- About this exercise -
Without the pictures, output the records below exactly as they are.

══ Supplied data ══

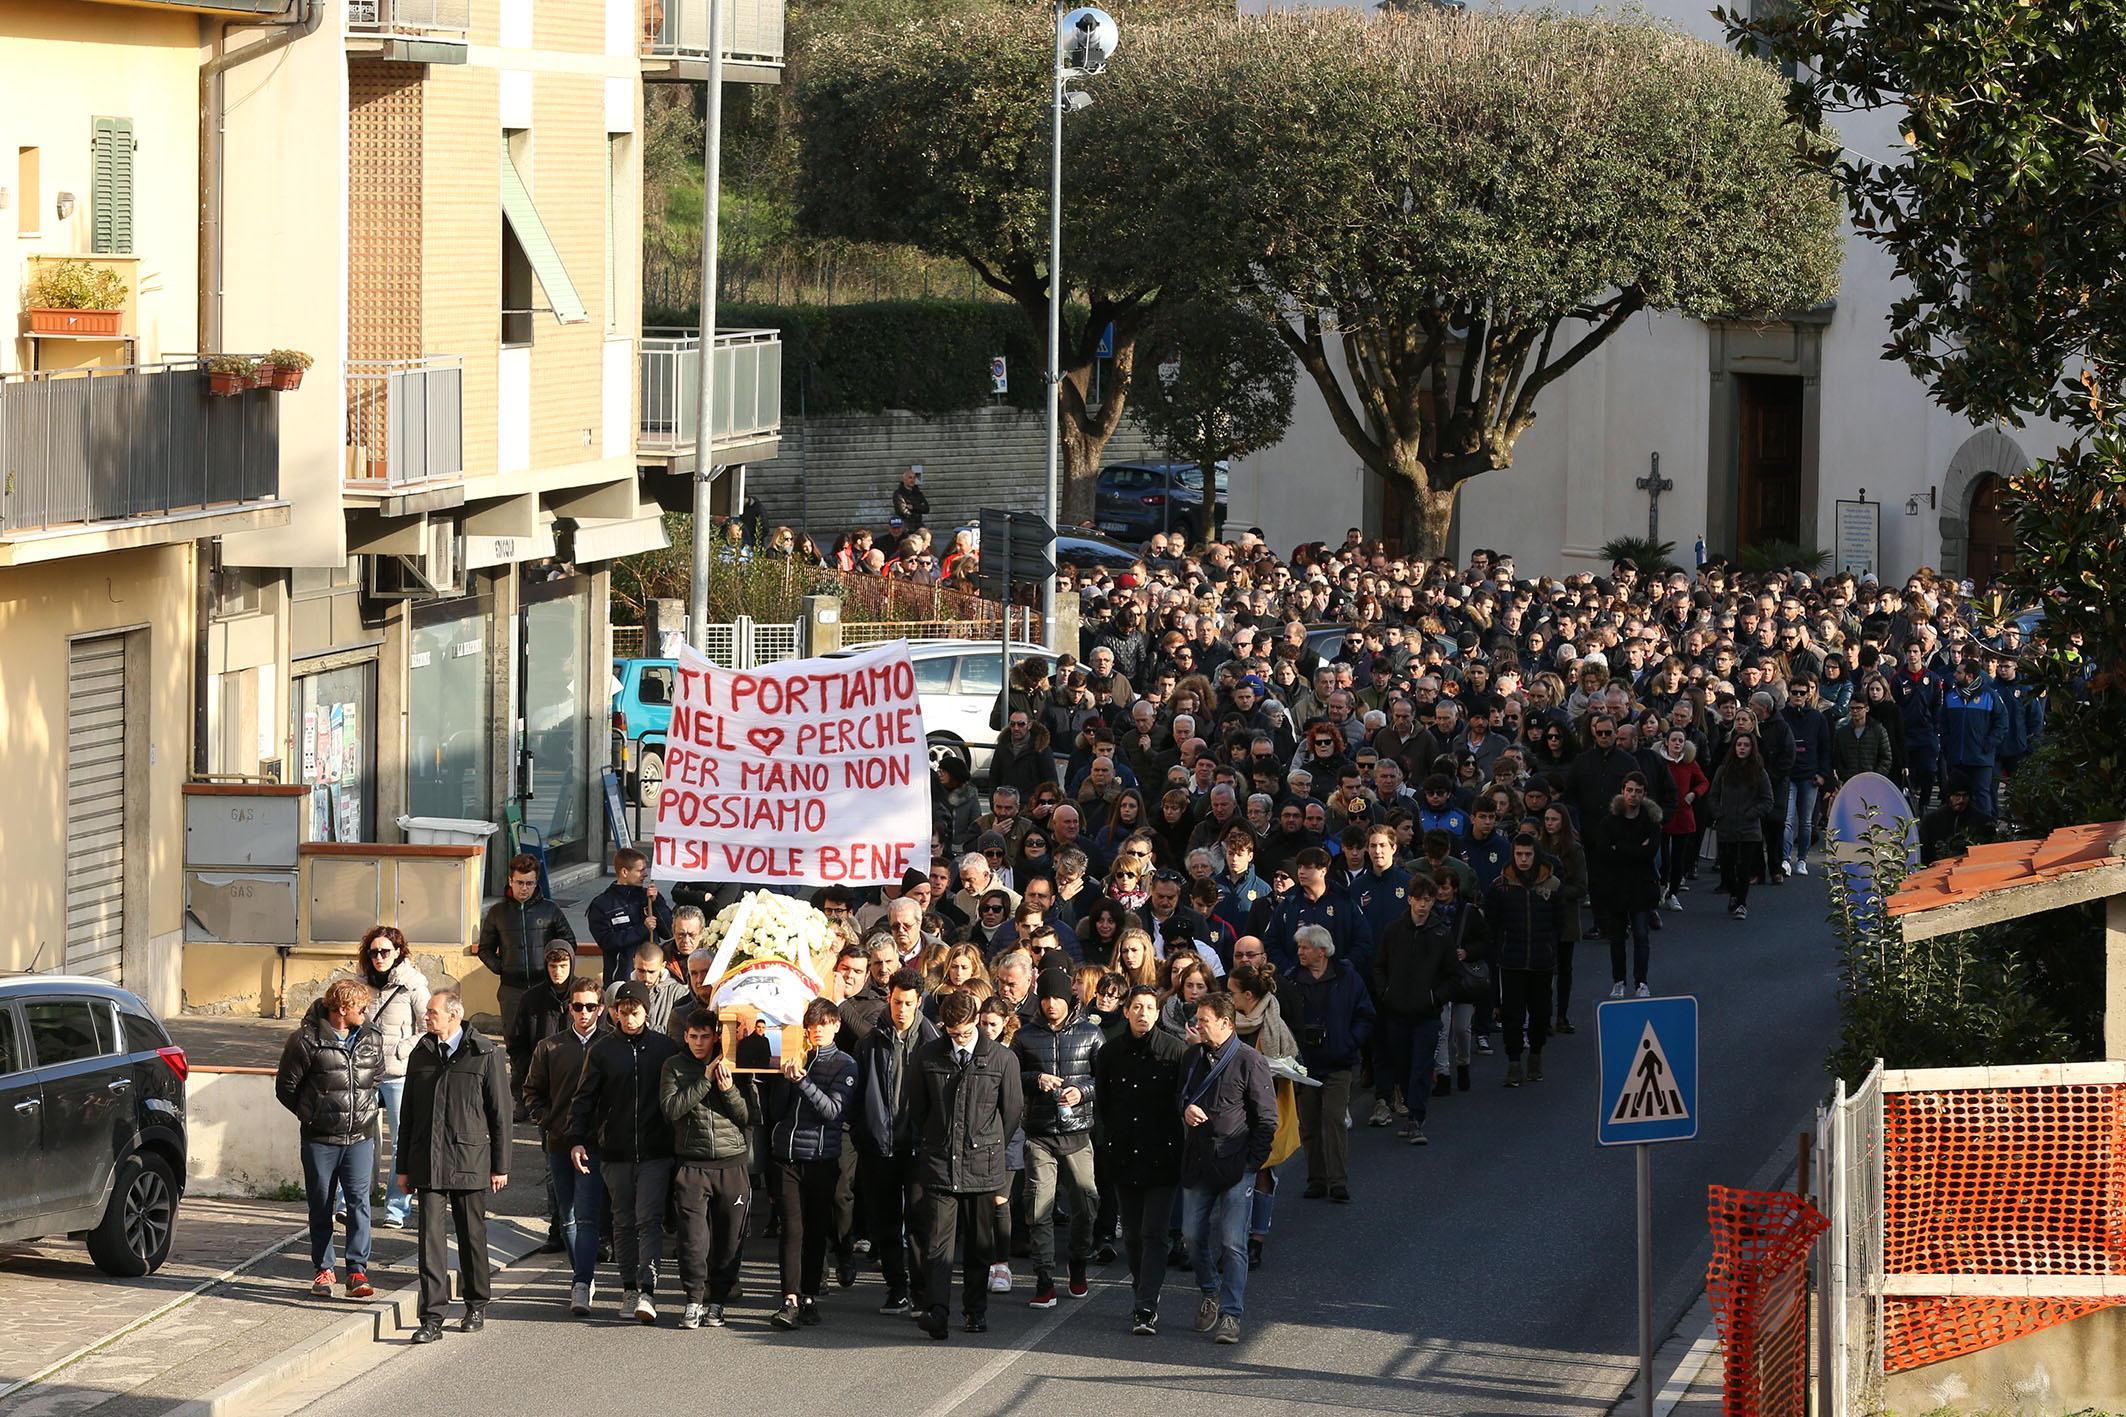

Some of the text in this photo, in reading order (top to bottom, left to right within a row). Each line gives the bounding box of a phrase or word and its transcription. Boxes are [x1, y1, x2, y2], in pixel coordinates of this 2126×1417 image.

[677, 660, 915, 715] TI PORTIAMO
[672, 704, 921, 756] NEL PERCHE'
[664, 746, 910, 793] PER MANO NON
[231, 808, 254, 823] GAS
[657, 787, 827, 833] POSSIAMO
[654, 836, 916, 881] TI SI VOLE BENE
[230, 885, 253, 898] GAS
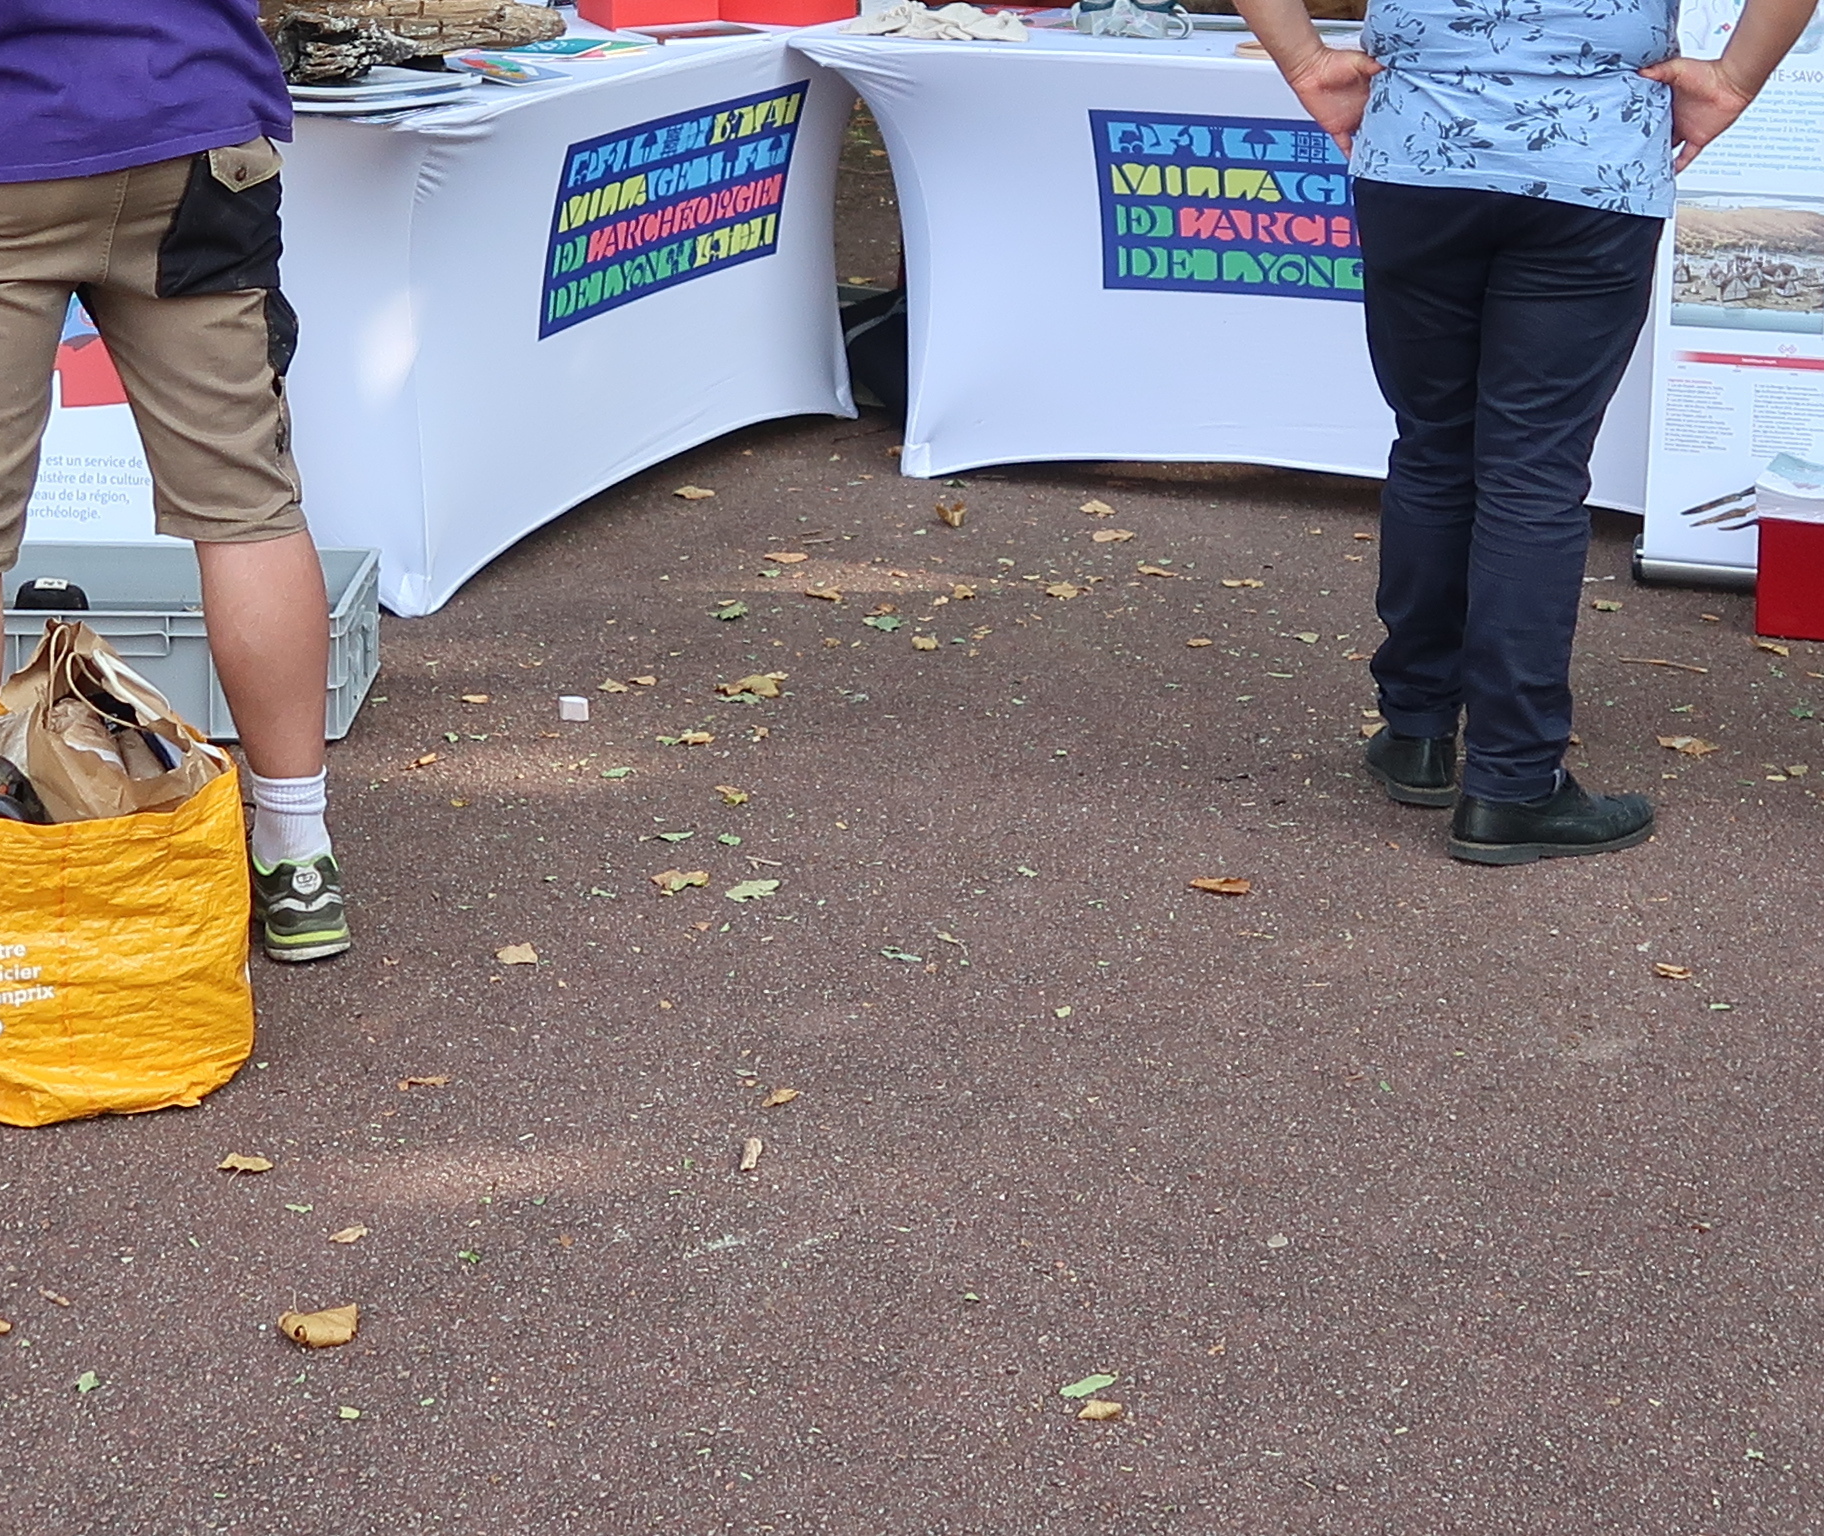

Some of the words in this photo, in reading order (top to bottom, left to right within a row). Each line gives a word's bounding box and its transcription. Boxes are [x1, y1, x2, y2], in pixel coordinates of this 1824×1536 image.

[45, 456, 63, 466] est
[66, 457, 82, 466] un
[84, 456, 126, 467] service
[128, 457, 143, 468] de
[78, 472, 94, 484] de
[96, 472, 107, 484] la
[109, 473, 152, 486] culture
[58, 489, 74, 501] de
[76, 489, 87, 501] la
[89, 490, 130, 505] région,
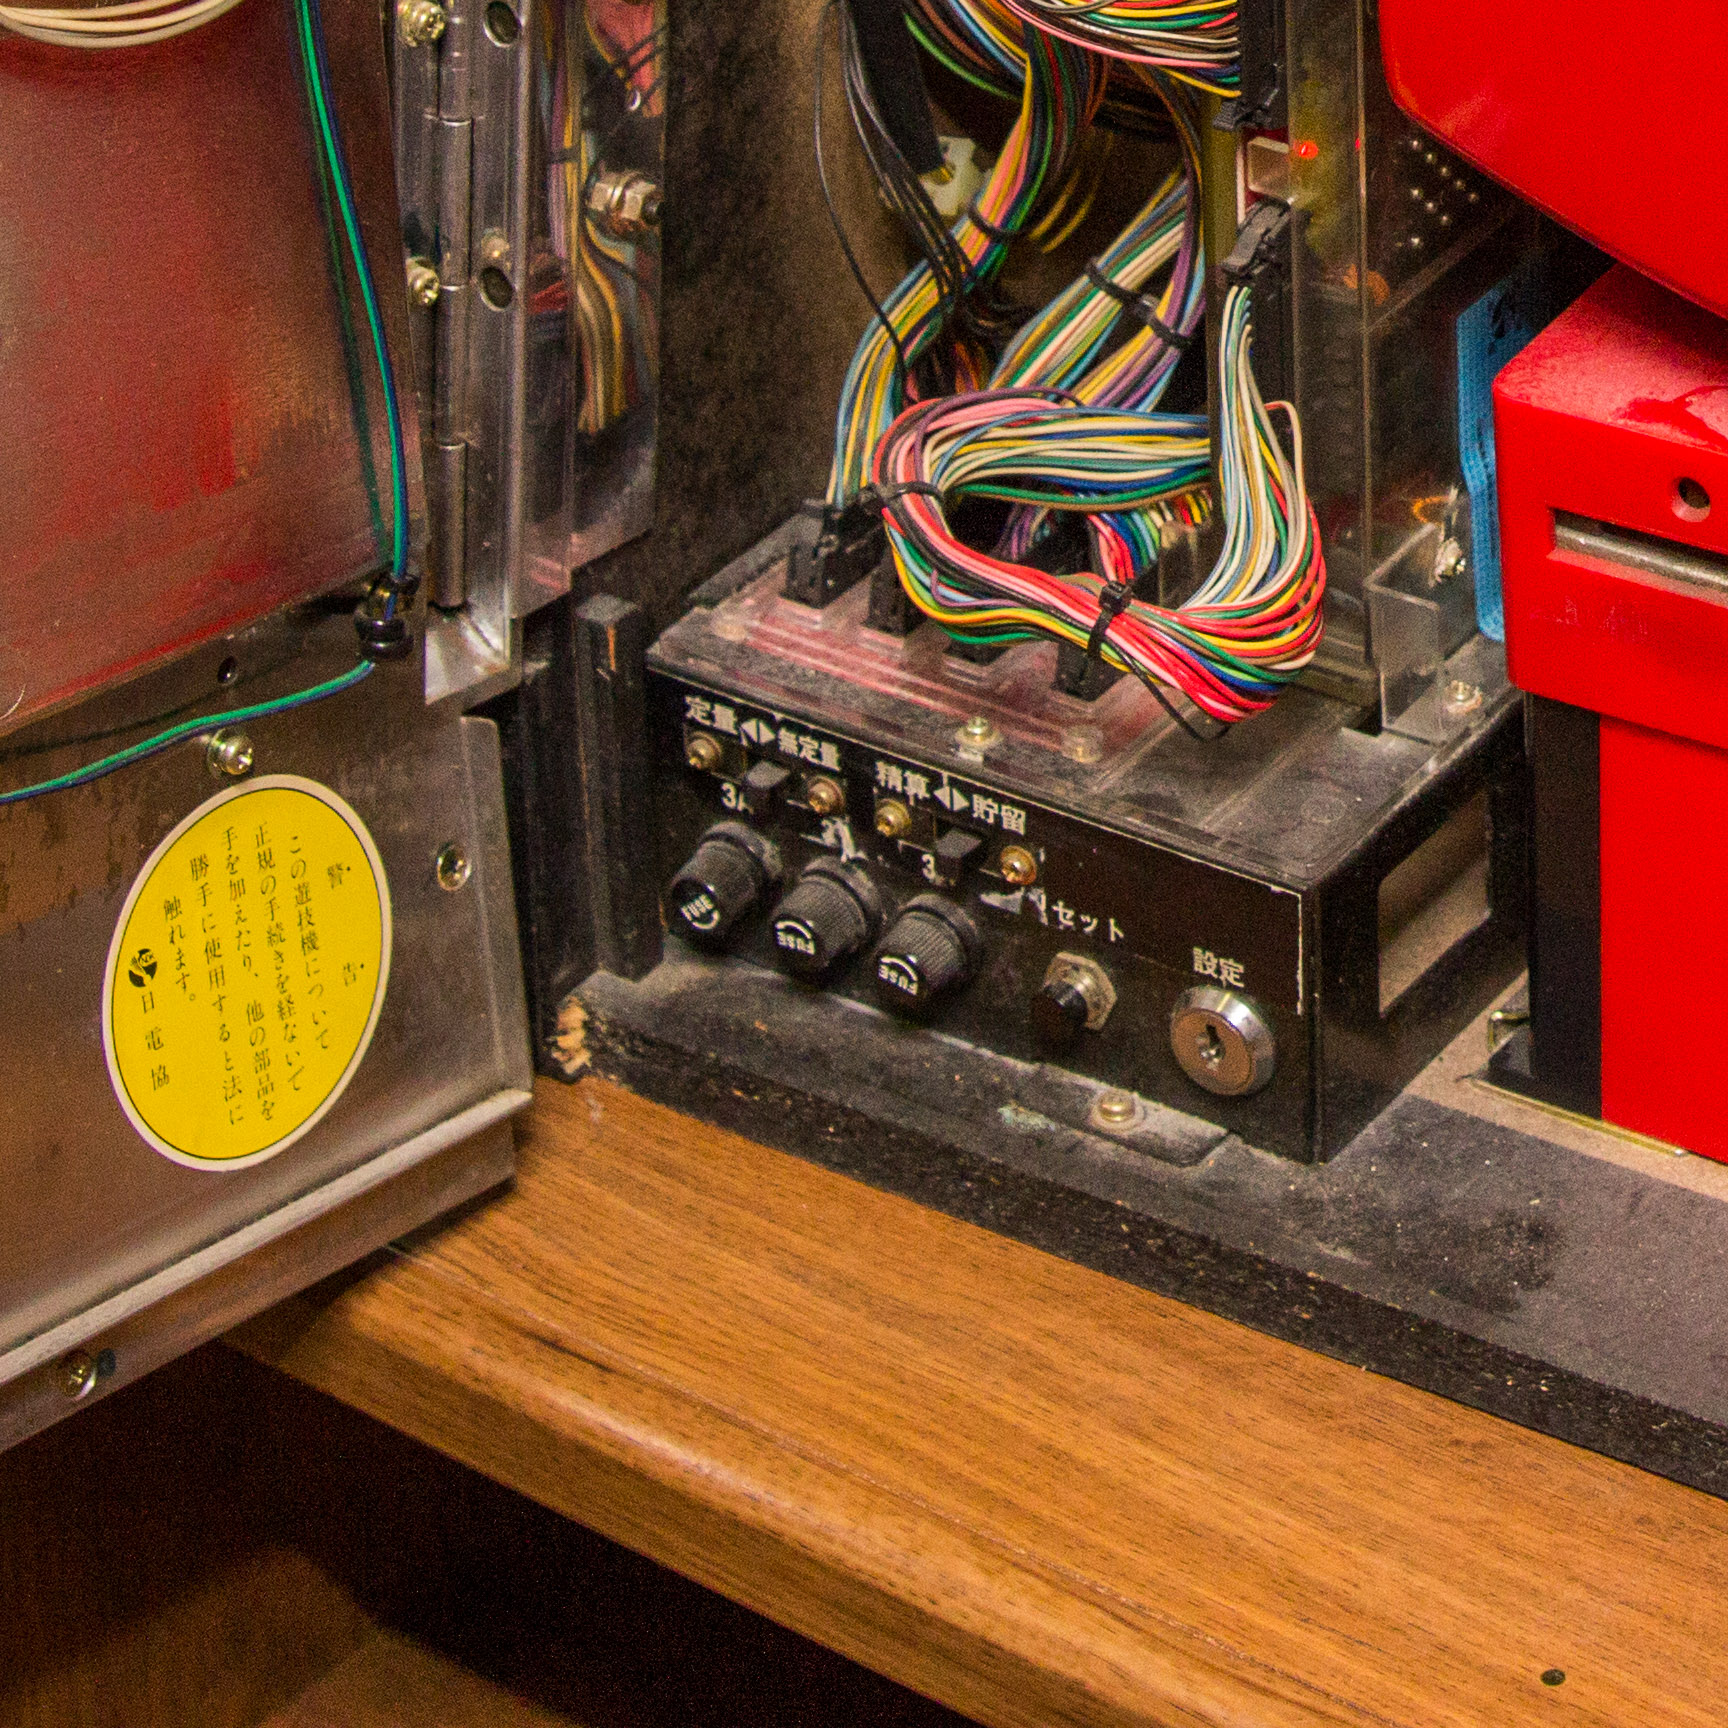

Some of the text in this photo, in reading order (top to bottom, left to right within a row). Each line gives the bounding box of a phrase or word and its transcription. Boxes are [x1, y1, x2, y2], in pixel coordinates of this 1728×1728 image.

═══

- Output below -
Some of the text in this photo, in reading order (top to bottom, left to right within a row). Each line gives the bounding box of a phrase or word and its transcription. Boxes are [x1, y1, x2, y2], in pixel coordinates of this 2126×1417 image.

[677, 660, 915, 715] TI PORTIAMO
[672, 704, 921, 756] NEL PERCHE'
[664, 746, 910, 793] PER MANO NON
[231, 808, 254, 823] GAS
[657, 787, 827, 833] POSSIAMO
[654, 836, 916, 881] TI SI VOLE BENE
[230, 885, 253, 898] GAS

Some of the words in this photo, in reading order (top to bottom, left to right within a row). Each line gives a word's bounding box and its transcription. Boxes are [x1, y1, x2, y2], in pixel coordinates of this 1824×1536 image.

[45, 456, 63, 466] est
[66, 457, 82, 466] un
[84, 456, 126, 467] service
[128, 457, 143, 468] de
[78, 472, 94, 484] de
[96, 472, 107, 484] la
[109, 473, 152, 486] culture
[58, 489, 74, 501] de
[76, 489, 87, 501] la
[89, 490, 130, 505] région,

Some of the text in this photo, in reading order (top to bottom, left to right within a row). Each line gives the bounding box of a phrase or word and its transcription. Boxes are [x1, y1, x2, y2], in pixel coordinates of this 1728×1728 image.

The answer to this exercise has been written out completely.